Comme le kif a ses raisons que la raison ne connaît pas, il se trouve qu'il passe aussi par le gros son qui envoie : Linda Sharrock en a fait un mantra depuis les années 60 et notamment l'immense Black Woman en compagnie de feu son époux Sonny. Bien vivante, elle revient avec un double album paru sur le beau label de Julien Palomo qui depuis 2009 s'attache à défendre les fameuses « musiques improvisées et le free jazz », en sachant entre autres bonnes idées lorgner vers l'étranger et notamment le Japon, planète oubliée parmi d'autres par le nombrilisme franco-français. Je reste succinct, mais j'invite chaleureusement à jeter un coup d'oeil.

Revenons à Linda Sharrock : qui gueule, qui geint, qui crie, qui mugit, qui feule, qui chante, et plus encore. Vue et entendue au Bab Ilo (Paris) il y a de ça plus d'un an, la chanteuse avait su redéfinir ma définition personnelle de claque dans la gueule dans une musique tellement radicale qu'on ne se fait guère d'illusion sur le fait qu'elle ne touchera qu'un petit nombre de fanatiques - pour qui elle fait beaucoup de bien. D'abord pour la musique, mais aussi pour la preuve qu'elle apporte que l'on peut encore faire cette musique-là dans un contexte qui en dépit des déclarations d'intention, laisse de moins en moins sa place aux musiques se foutant des convenances et des consensus. They Begin to Speak poursuit le bonheur à travers deux galettes issues de deux sessions distinctes : la première, française, en formation élargie ; et la seconde, british, en quartet.

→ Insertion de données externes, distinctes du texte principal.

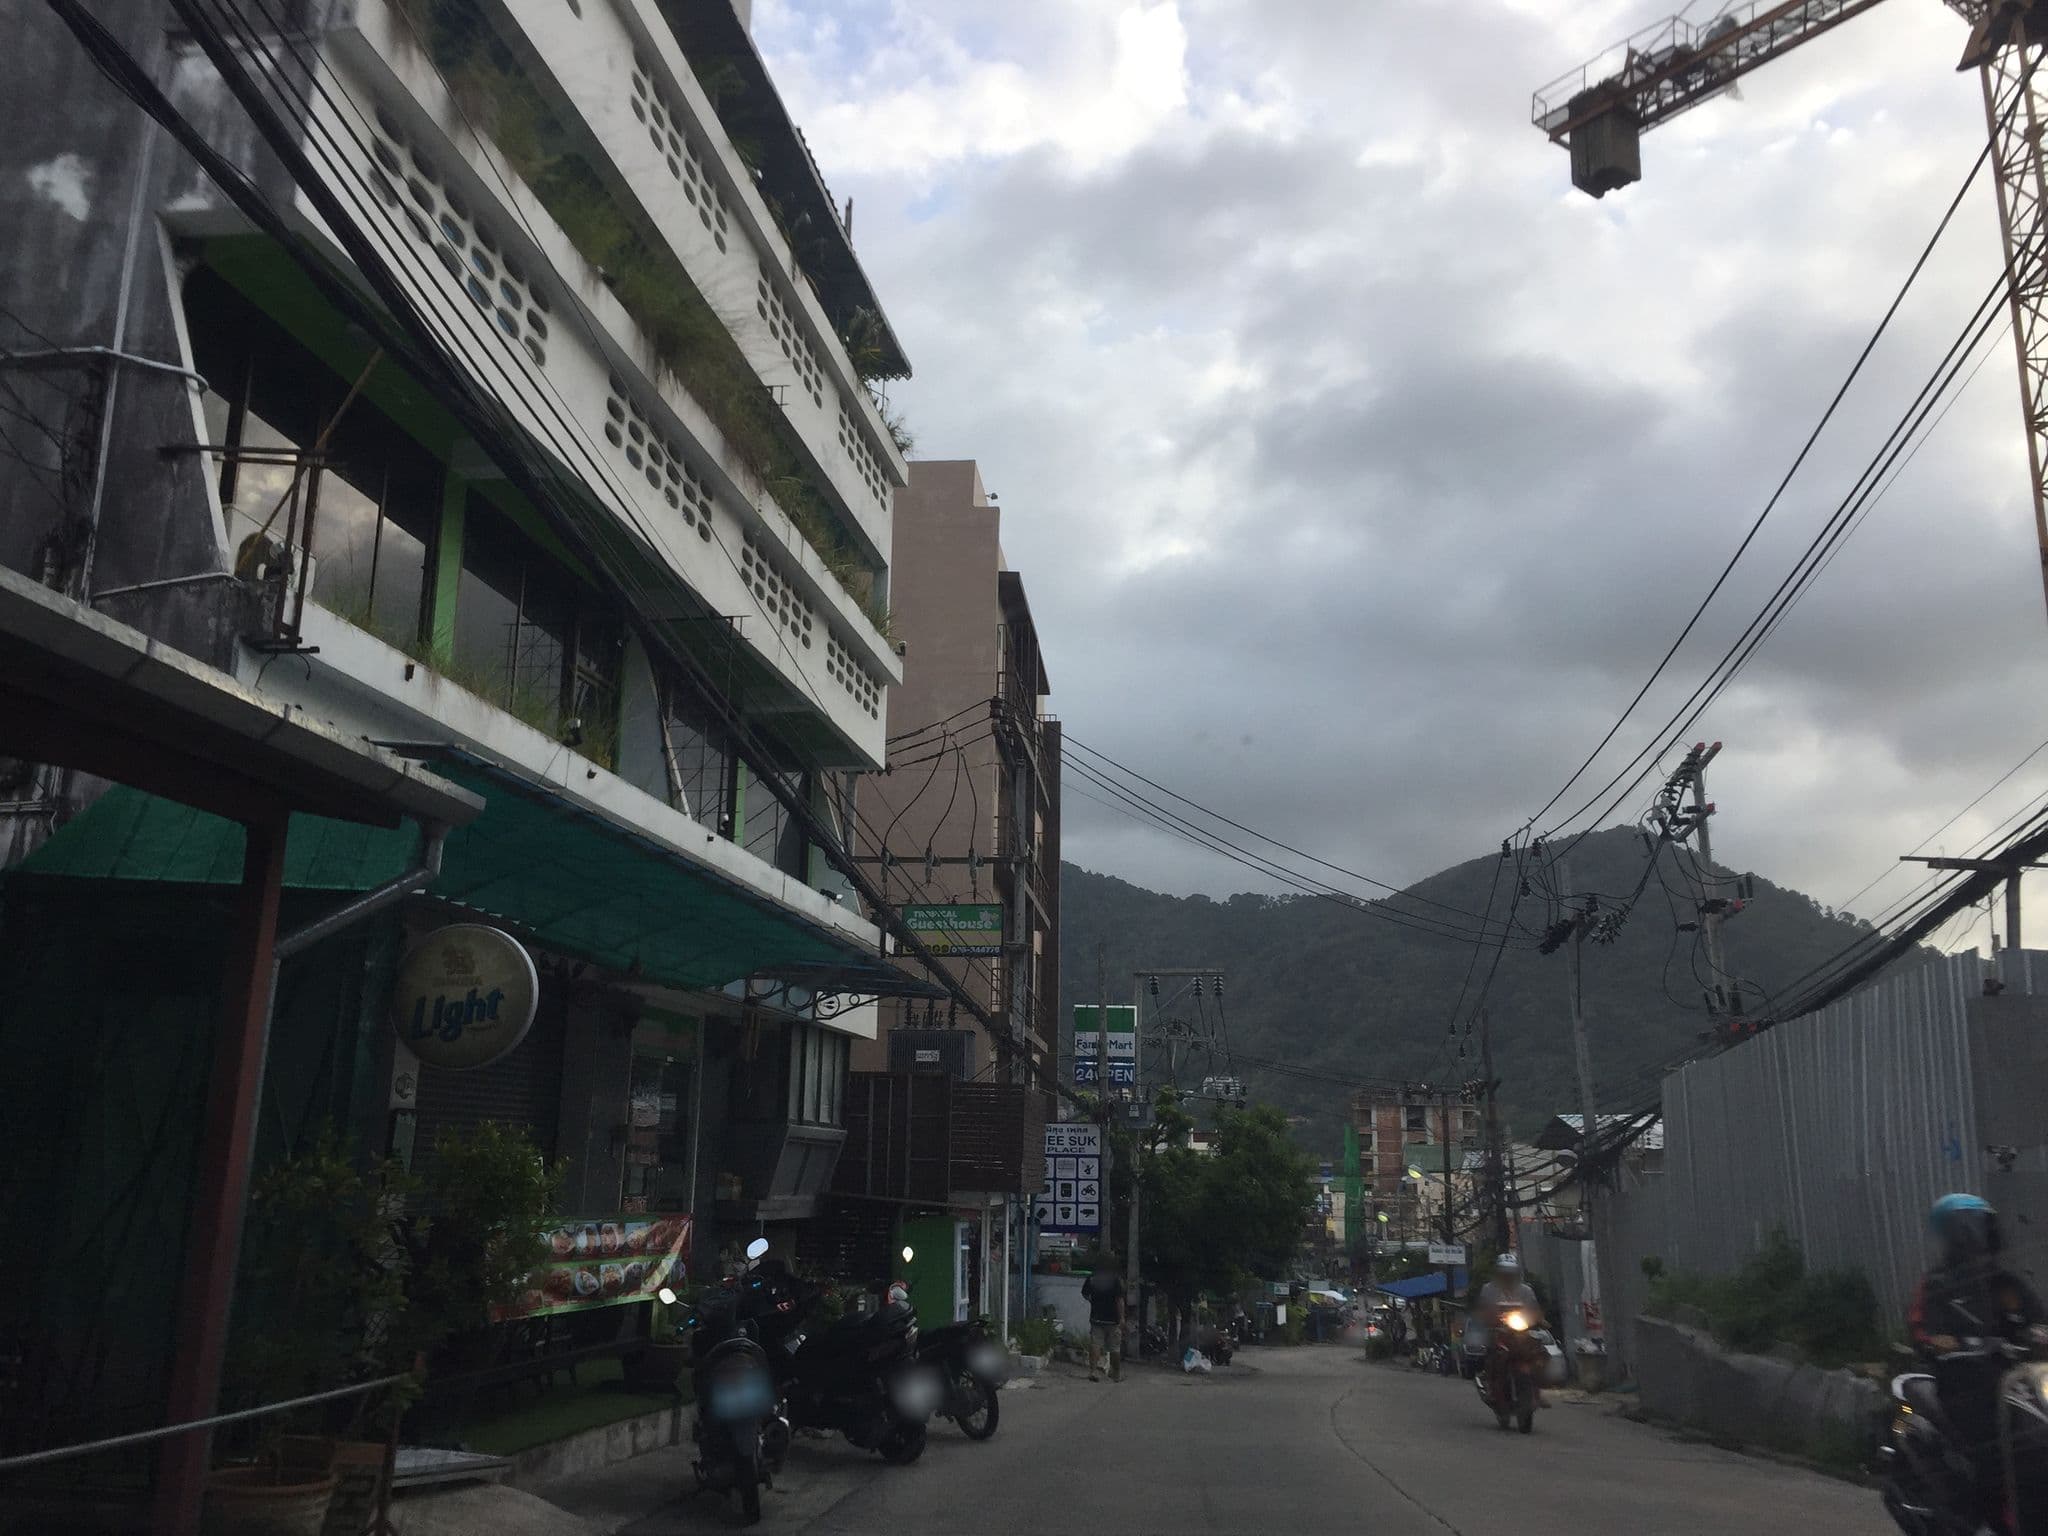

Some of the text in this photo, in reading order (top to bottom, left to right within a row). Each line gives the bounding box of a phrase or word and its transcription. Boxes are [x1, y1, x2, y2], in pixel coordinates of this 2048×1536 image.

Si les deux sessions rallient des démarches communes, elles explorent dans l'improvisation libre des sentiers tellement divergents qu'on a plaisir à s'y perdre avec les musiciens : plus dans le choc de la matière sonore et l'énergie brute, le set français met en relief les plus grands espaces harmoniques laissés par le quartet briton où brille l'approche plus mélodique de la guitare de John Jasnoch, au staccato particulièrement efficace dans sa fausse naïveté. Moins bordélique, le premier disque (le français, donc, faut suivre) sera bien plus compliqué à décrire hors du constat déjà établi qu'on a là affaire à du son bien lourd et qui prend aux tripes, au cœur, aux oreilles ou à n'importe quel organe y compris le cerveau. Une radicalité qui convient bien aux musiciens qui animent cette session dans une formation qui n'est pas dénuée d'originalité : Itaru Oki à la trompette, Eric Zinman au piano, Makoto Sato à la batterie, Yoram Rosilio à la basse, Claude Parle à l'accordéon et Cyprien Busolini au violon. Puis Mario Rechtern. Au registre des découvertes personnelles et parmi un collectif irréprochable et impressionnant de liberté, l'accordéon de Claude Parle fait forte impression et apporte énormément à l'ensemble par des arpèges d'un autre monde, au bord du shred par endroits, et un placement dans le temps qu'on comprend mal. C'est tellement plaisant ça, mal comprendre...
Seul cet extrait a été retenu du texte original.